Page 98 of Captive Souls
But I didn’t give them a reason. They couldn’t cause me any more pain anyway. Nothing would rival the excruciating anguish tearing at my insides
“I’m hungry, and this bitch isn’t going anywhere, so let’s eat,” Groves said.
The older one eyed me with a more practiced eye, as if he thought my behavior was all an act to lull them into doing something just like that.
I didn’t care what they thought. I was drowning in my fate. In the knowledge that Knox was gone. The ceiling tiles numbered 148, with three of them peeling, thirteen of them covered with a yellowish water stain. I’d counted and roamed my eyes over every one, cataloguing precisely so I didn’t have to think ofit.
Knox is dead.
Knox is dead.
Knox is dead.
I knew I couldn’t give up, that this weakness was essentially spitting in the face of his memory, but I couldn’t find any fight in me when I was uncuffed from the bed and carried roughly into the bathroom before they dumped me on a cold tiled floor and refastened my cuffs to the bottom of a filthy sink.

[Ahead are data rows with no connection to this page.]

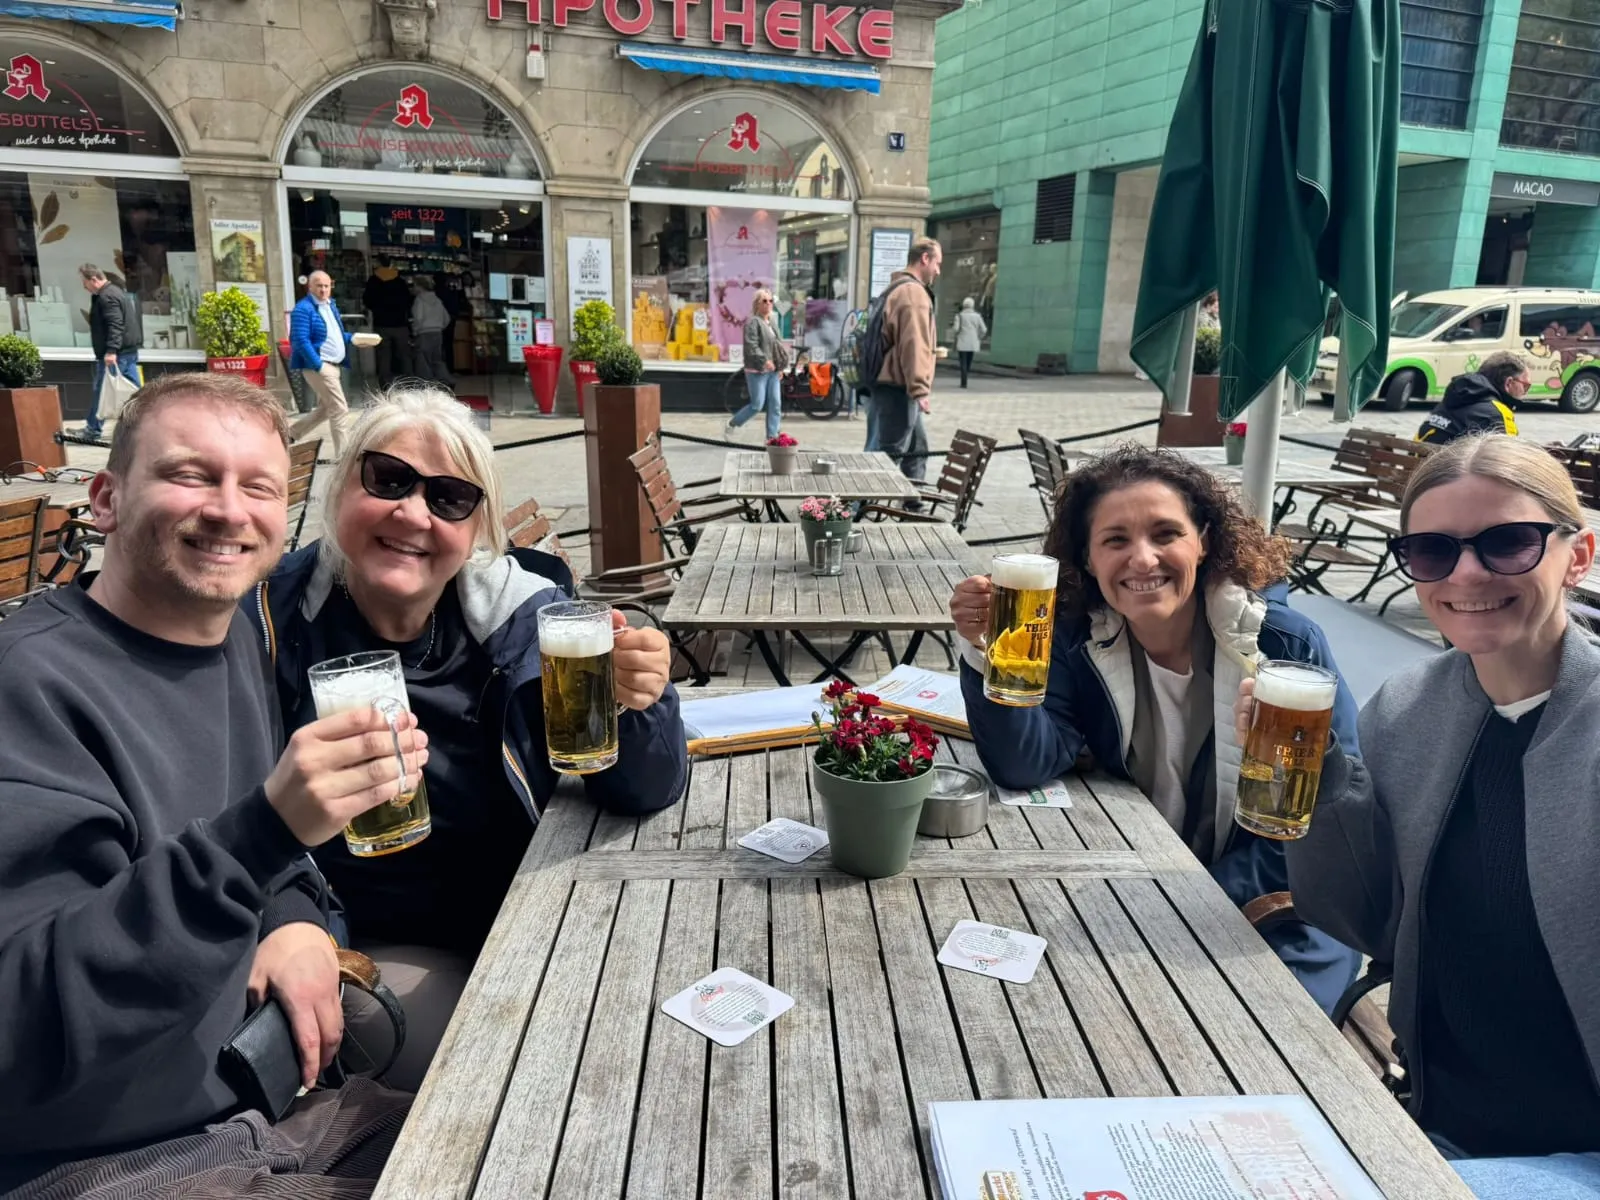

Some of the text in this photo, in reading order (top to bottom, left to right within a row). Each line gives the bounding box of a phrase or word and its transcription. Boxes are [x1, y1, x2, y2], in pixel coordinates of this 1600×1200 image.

[16, 131, 117, 149] mehr als eine Apotheke
[1513, 180, 1553, 196] MACAO
[391, 208, 445, 222] seit 1322
[226, 360, 247, 370] 1322
[1024, 622, 1051, 633] THIE

I barely even whimpered when one of them kicked me, hard, in the ribs. There was a loud crack then a feeling of warmth in my abdomen, but I barely noted it.
“Don’t scream,” Grove hissed, yanking my hair so my face was exposed to him. His eyebrows needed plucking, and he had pock marks from acne dotting his skin.
Scream? I was already screaming, wasn’t I? Maybe it was just on the inside.
“You scream, anyone hears you and calls the cops, it’s goodbye little sister.” He grinned, showing gleaming white veneers, fingers bending in a daunting wave. “Not before we chop off her limbs. Or maybe we do that and keep her alive? That would be a fate worse than death for a dancer like her, wouldn’t it?”
The mention of Daisy jerked me out of my stupor. My mind cleared as I focused on his dull-gray eyes.
“You hurt my sister, and I’ll pull your fingernails out and feed them to you,” I promised him, my voice cold, unfamiliar.
He laughed, pulling my hair harder so pain exploded in my scalp. “Big talk from someone about to be chained to Stone forever. Which, for you, may not be long.” He leaned in and laid a long kiss on my lips, shoving his tongue in my mouth.
I bit it.
“Bitch!” he yelled, rearing back as if to hit me in the face before remembering Stone’s instruction.
Another kick to my ribs. More warmth flooding my body.
I hoped that he had punctured something vital. Then I’d die, and Daisy would be safe. But would she?
There was no way to be certain of that. All it would‘ve ensured was that my bright flower of a sister would be utterly alone in a wasteland full of violent criminals. Not an option.
Dying and leaving my sister alone in that world wasn’t an option. Even when grieving, toxic parts of me wanted to escape into whatever afterlife Knox was in.
I had to stay alive, I told myself as darkness clouded my vision.
Stay alive, I told myself.
As if I had any kind of control over that.
Nineteen
Knox
“You’re sure this is where she is?” I asked Joey as we pulled up to some piece of shit motel over the state line in the middle of nowhere.
The sun was just about completely set, the dull glow of twilight doing nothing to improve the appearance of this ramshackle place. Only two cars were parked in the lot—an ancient Ford pickup and some cheap Toyota packed to the gills with crap. No black SUVs to be seen, no sign of Stone’s men.
Joey nodded beside me. “I was supposed to meet them here after I waited to see if you turned up,” he explained. “Then we’d take Piper back. For the wedding. Or…” he trailed off, swallowing, understanding the energy in the car right now and how fucking loose of a hold I had on the beast inside me.
“Or we’d be burying her body once we were … done with her,” he continued, fear in his eyes. Though there was also a touch of bravery for his honesty. “If Stone didn’t like the state she was in, if she refused him.”